*Material shown*:
==*==

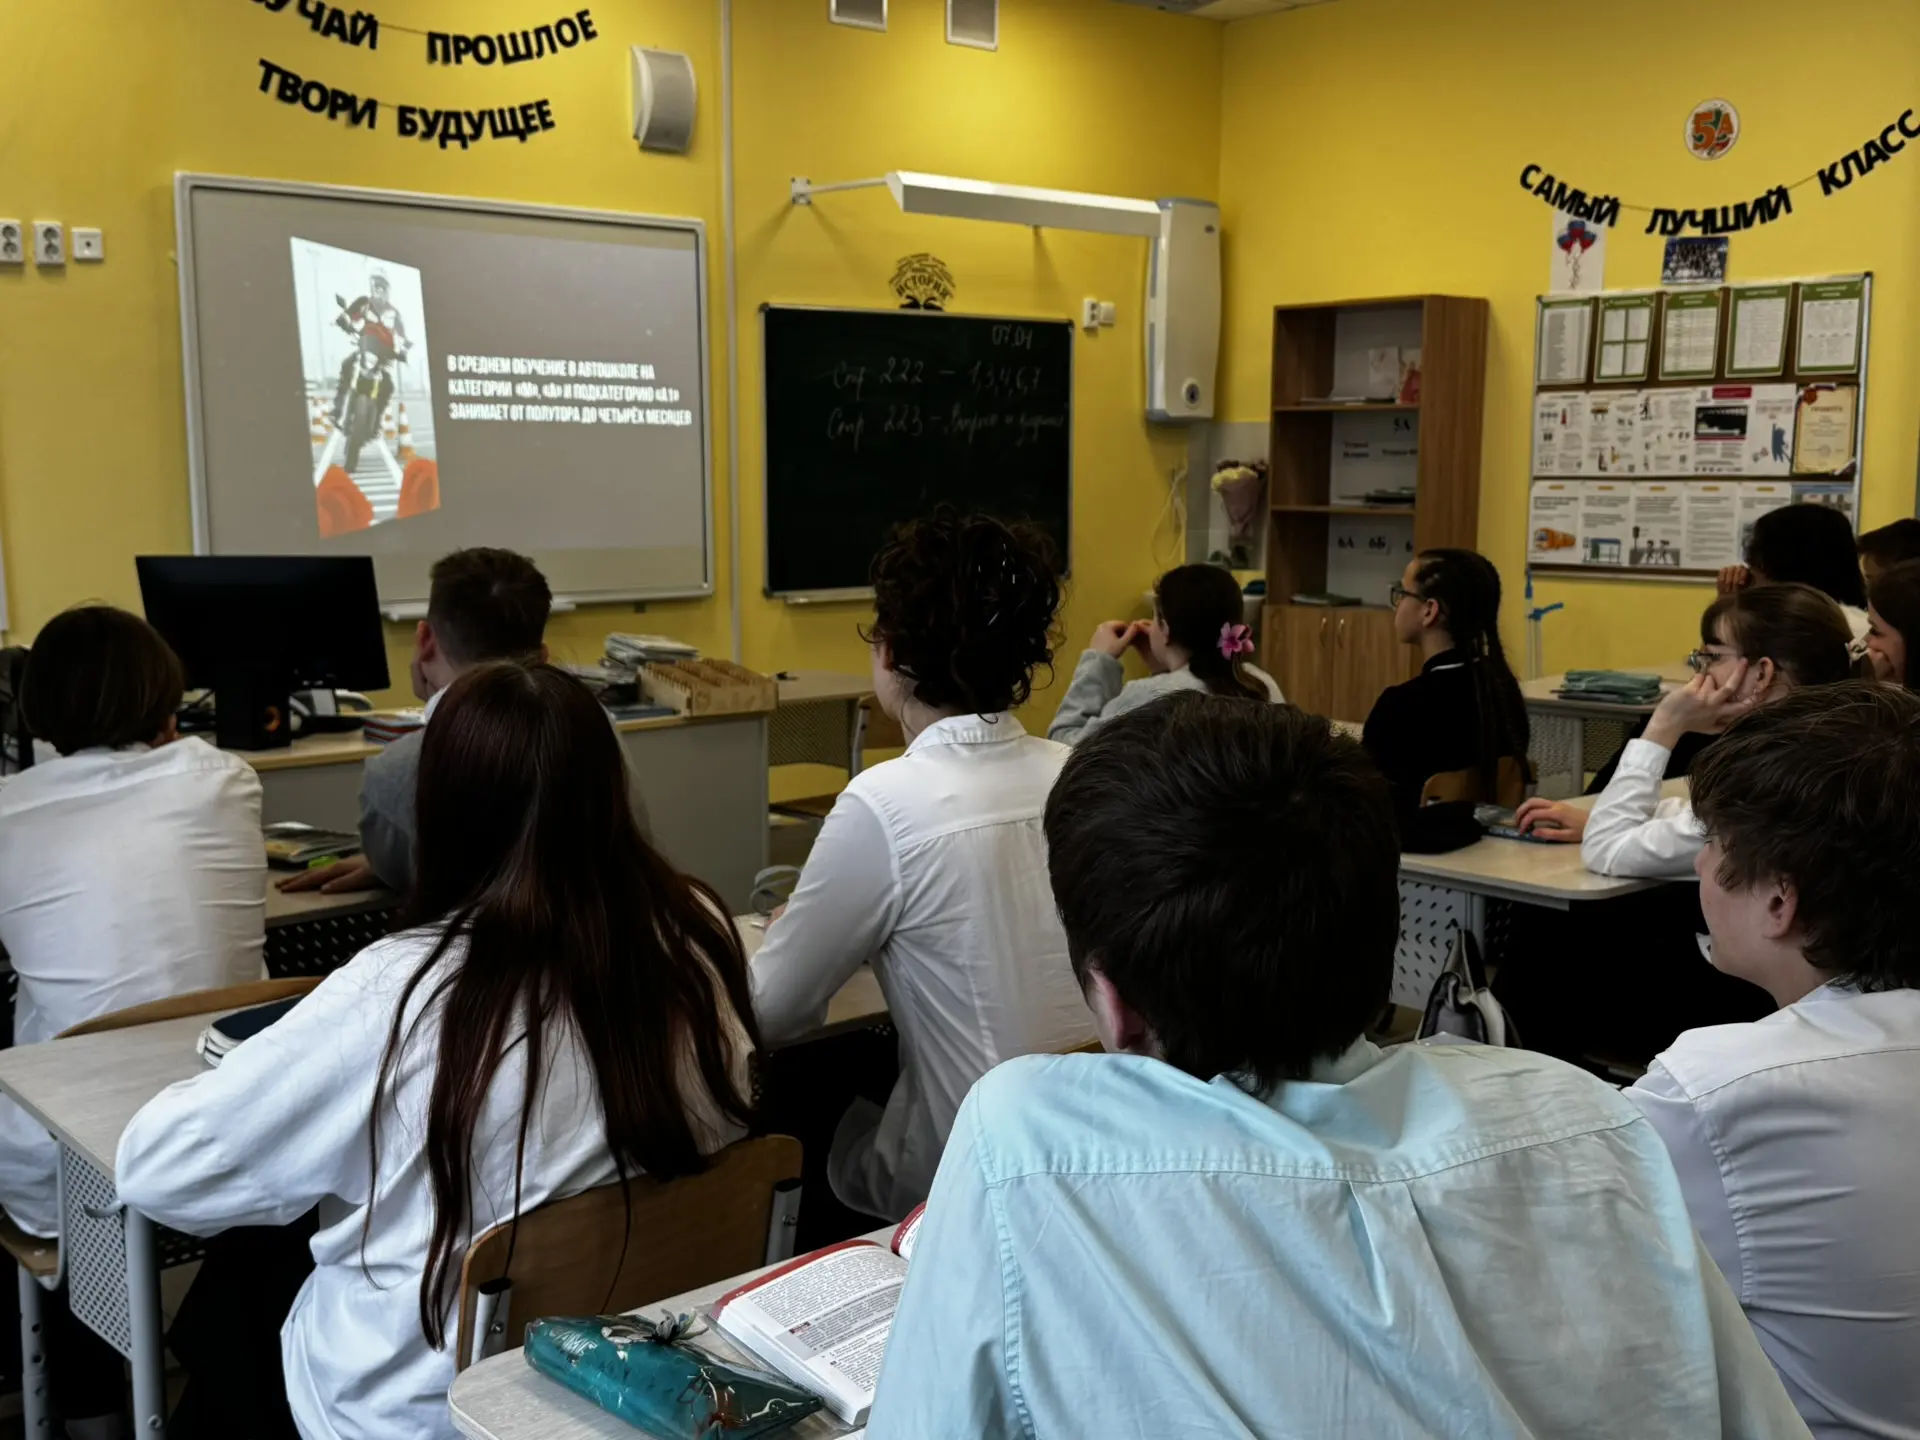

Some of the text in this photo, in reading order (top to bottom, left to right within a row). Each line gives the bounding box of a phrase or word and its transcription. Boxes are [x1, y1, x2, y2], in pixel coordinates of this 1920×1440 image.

[427, 9, 598, 65] ПРОШЛОЕ
[258, 58, 555, 150] ТВОРИ БУДУЩЕЕ
[1692, 111, 1734, 151] 5А
[1519, 108, 1920, 236] САМЫЙ ЛУЧШИЙ КЛАСС
[447, 354, 656, 380] В СРЕДНЕМ ОБУЧЕНИЕ В АВТОШКОЛЕ НА
[880, 356, 925, 385] 222
[448, 379, 513, 397] КАТЕГОРИИ
[562, 383, 573, 399] И
[572, 384, 655, 403] ПОДКАТЕГОРИЮ
[449, 403, 510, 421] ЗАНИМАЕТ
[509, 404, 525, 421] ОТ
[525, 405, 582, 423] ПОЛУТОРА
[581, 407, 598, 424] ДО
[645, 409, 693, 427] МЕСЯЦЕВ
[883, 403, 924, 438] 223
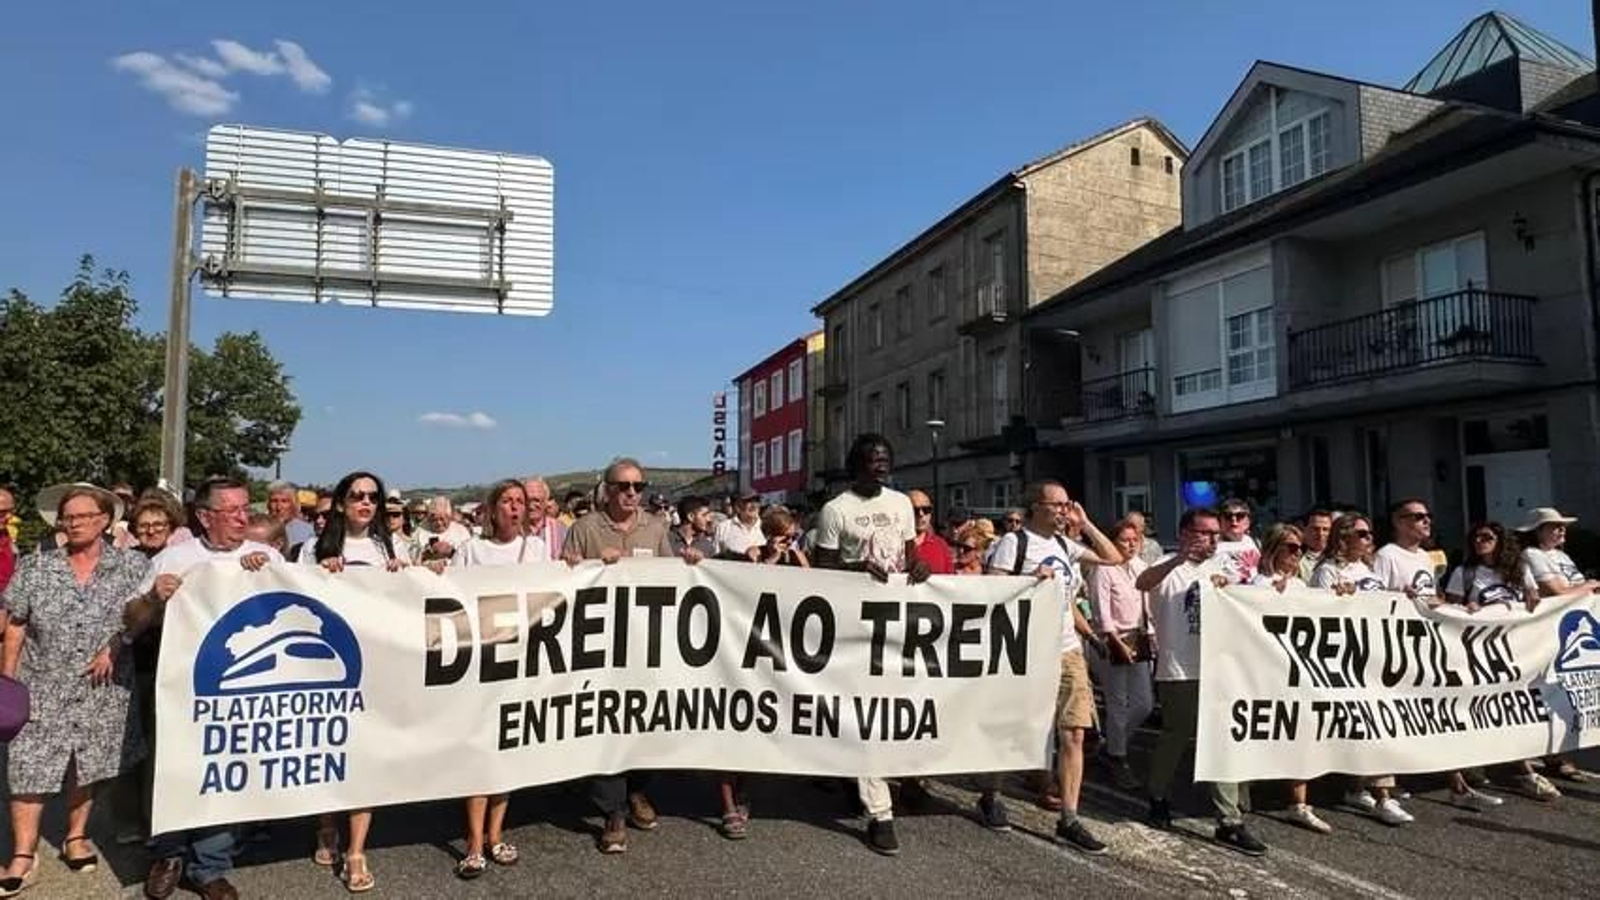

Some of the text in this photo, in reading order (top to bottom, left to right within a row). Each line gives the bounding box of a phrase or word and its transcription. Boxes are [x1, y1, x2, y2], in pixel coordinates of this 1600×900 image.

[424, 586, 1031, 686] DEREITO AO TREN
[1262, 614, 1370, 688] TREN
[1381, 600, 1463, 687] ÚTIL
[193, 691, 366, 723] PLATAFORMA
[499, 680, 938, 750] ENTÉRRANNOS EN VIDA
[1231, 687, 1550, 743] SEN TREN O RURAL MORRE
[202, 717, 348, 756] DEREITO
[199, 752, 347, 796] AO TREN
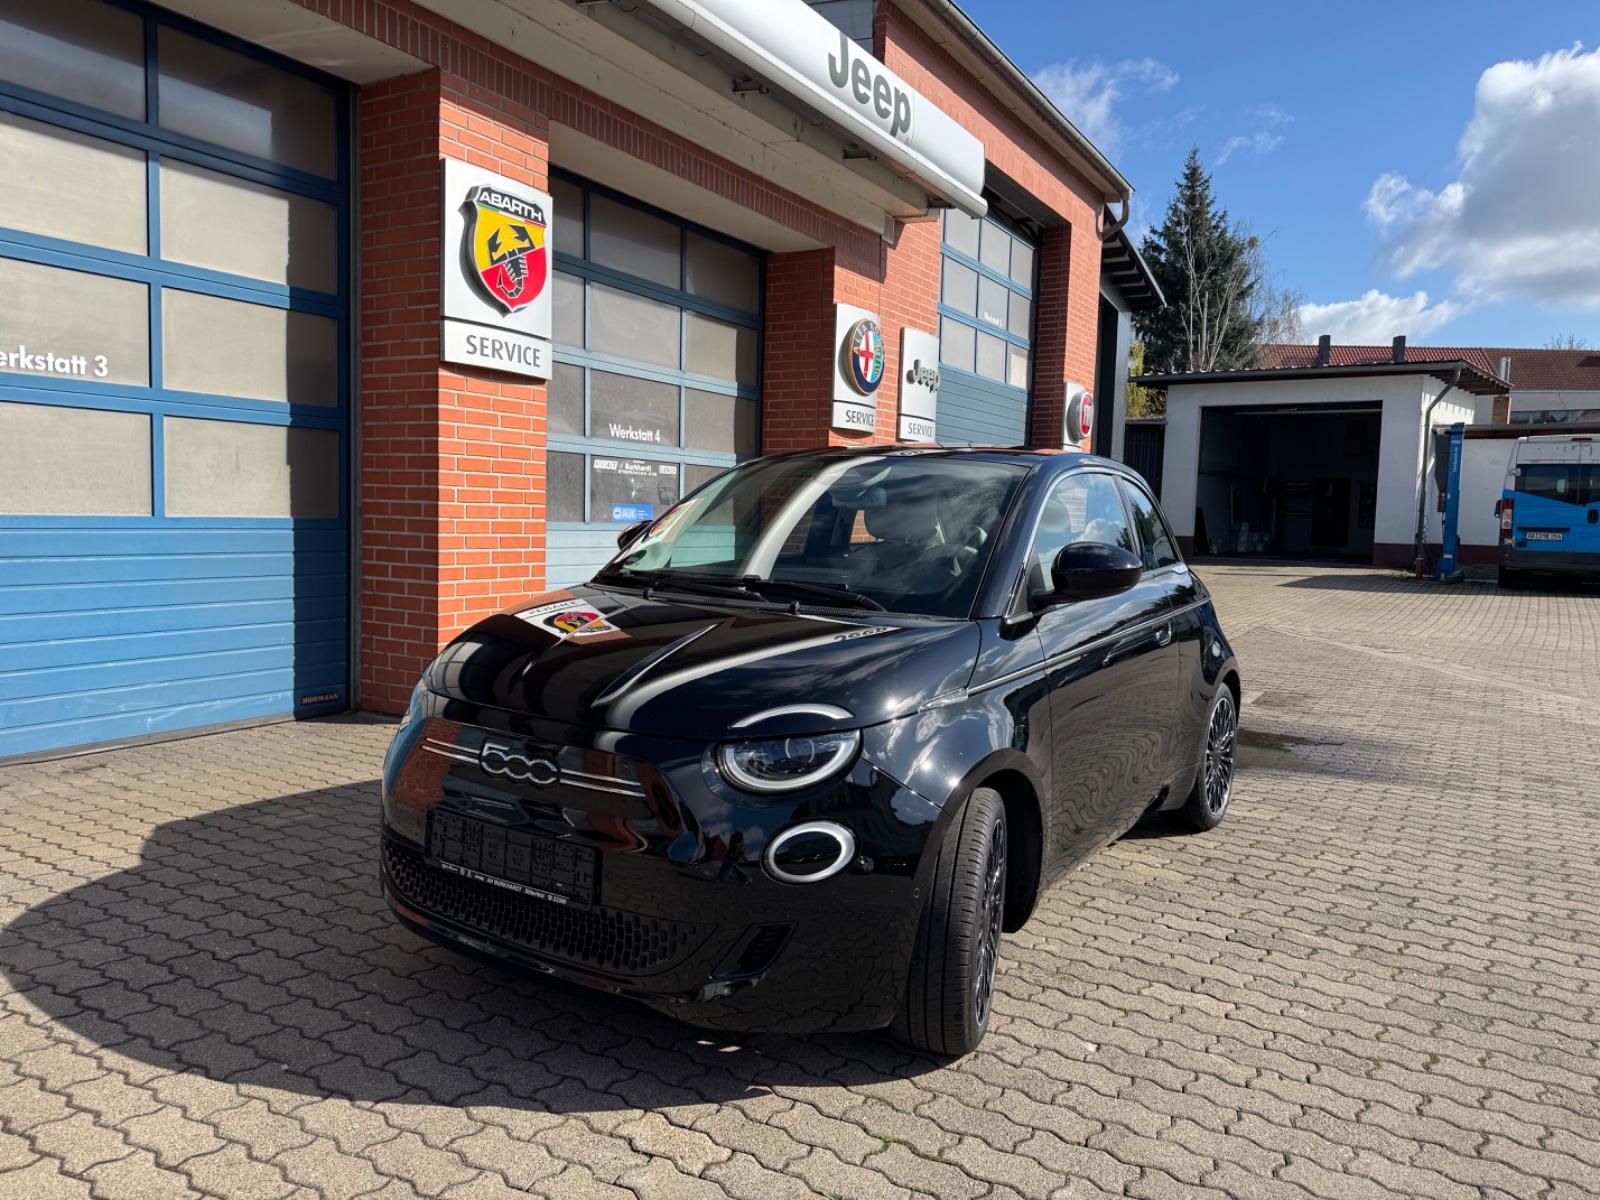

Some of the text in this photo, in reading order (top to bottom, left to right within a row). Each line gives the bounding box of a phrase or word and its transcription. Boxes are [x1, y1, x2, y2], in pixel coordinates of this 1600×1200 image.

[827, 30, 912, 137] Jeep
[479, 191, 543, 222] ABARTH
[465, 334, 541, 368] SERVICE
[94, 354, 108, 377] 3
[845, 409, 874, 427] SERVICE
[908, 422, 934, 438] SERVICE
[608, 423, 661, 443] Werkstatt 4
[481, 742, 558, 784] 500

==*==

*Exercise brief*: Print the material again, unchanged, without its pictures.

*Result of the exercise*:
Some of the text in this photo, in reading order (top to bottom, left to right within a row). Each line gives the bounding box of a phrase or word and its transcription. Boxes are [x1, y1, x2, y2], in pixel coordinates of this 1920×1440 image.

[427, 9, 598, 65] ПРОШЛОЕ
[258, 58, 555, 150] ТВОРИ БУДУЩЕЕ
[1692, 111, 1734, 151] 5А
[1519, 108, 1920, 236] САМЫЙ ЛУЧШИЙ КЛАСС
[447, 354, 656, 380] В СРЕДНЕМ ОБУЧЕНИЕ В АВТОШКОЛЕ НА
[880, 356, 925, 385] 222
[448, 379, 513, 397] КАТЕГОРИИ
[562, 383, 573, 399] И
[572, 384, 655, 403] ПОДКАТЕГОРИЮ
[449, 403, 510, 421] ЗАНИМАЕТ
[509, 404, 525, 421] ОТ
[525, 405, 582, 423] ПОЛУТОРА
[581, 407, 598, 424] ДО
[645, 409, 693, 427] МЕСЯЦЕВ
[883, 403, 924, 438] 223

Some of the text in this photo, in reading order (top to bottom, left to right within a row). Each line gives the bounding box of a phrase or word and its transcription. Boxes are [x1, y1, x2, y2], in pixel coordinates of this 1600×900 image.

[424, 586, 1031, 686] DEREITO AO TREN
[1262, 614, 1370, 688] TREN
[1381, 600, 1463, 687] ÚTIL
[193, 691, 366, 723] PLATAFORMA
[499, 680, 938, 750] ENTÉRRANNOS EN VIDA
[1231, 687, 1550, 743] SEN TREN O RURAL MORRE
[202, 717, 348, 756] DEREITO
[199, 752, 347, 796] AO TREN

Some of the text in this photo, in reading order (top to bottom, left to right within a row). Each line gives the bounding box of a phrase or word and its transcription. Boxes are [x1, y1, x2, y2], in pixel coordinates of this 1600×1200 image.

[827, 30, 912, 137] Jeep
[479, 191, 543, 222] ABARTH
[465, 334, 541, 368] SERVICE
[94, 354, 108, 377] 3
[845, 409, 874, 427] SERVICE
[908, 422, 934, 438] SERVICE
[608, 423, 661, 443] Werkstatt 4
[481, 742, 558, 784] 500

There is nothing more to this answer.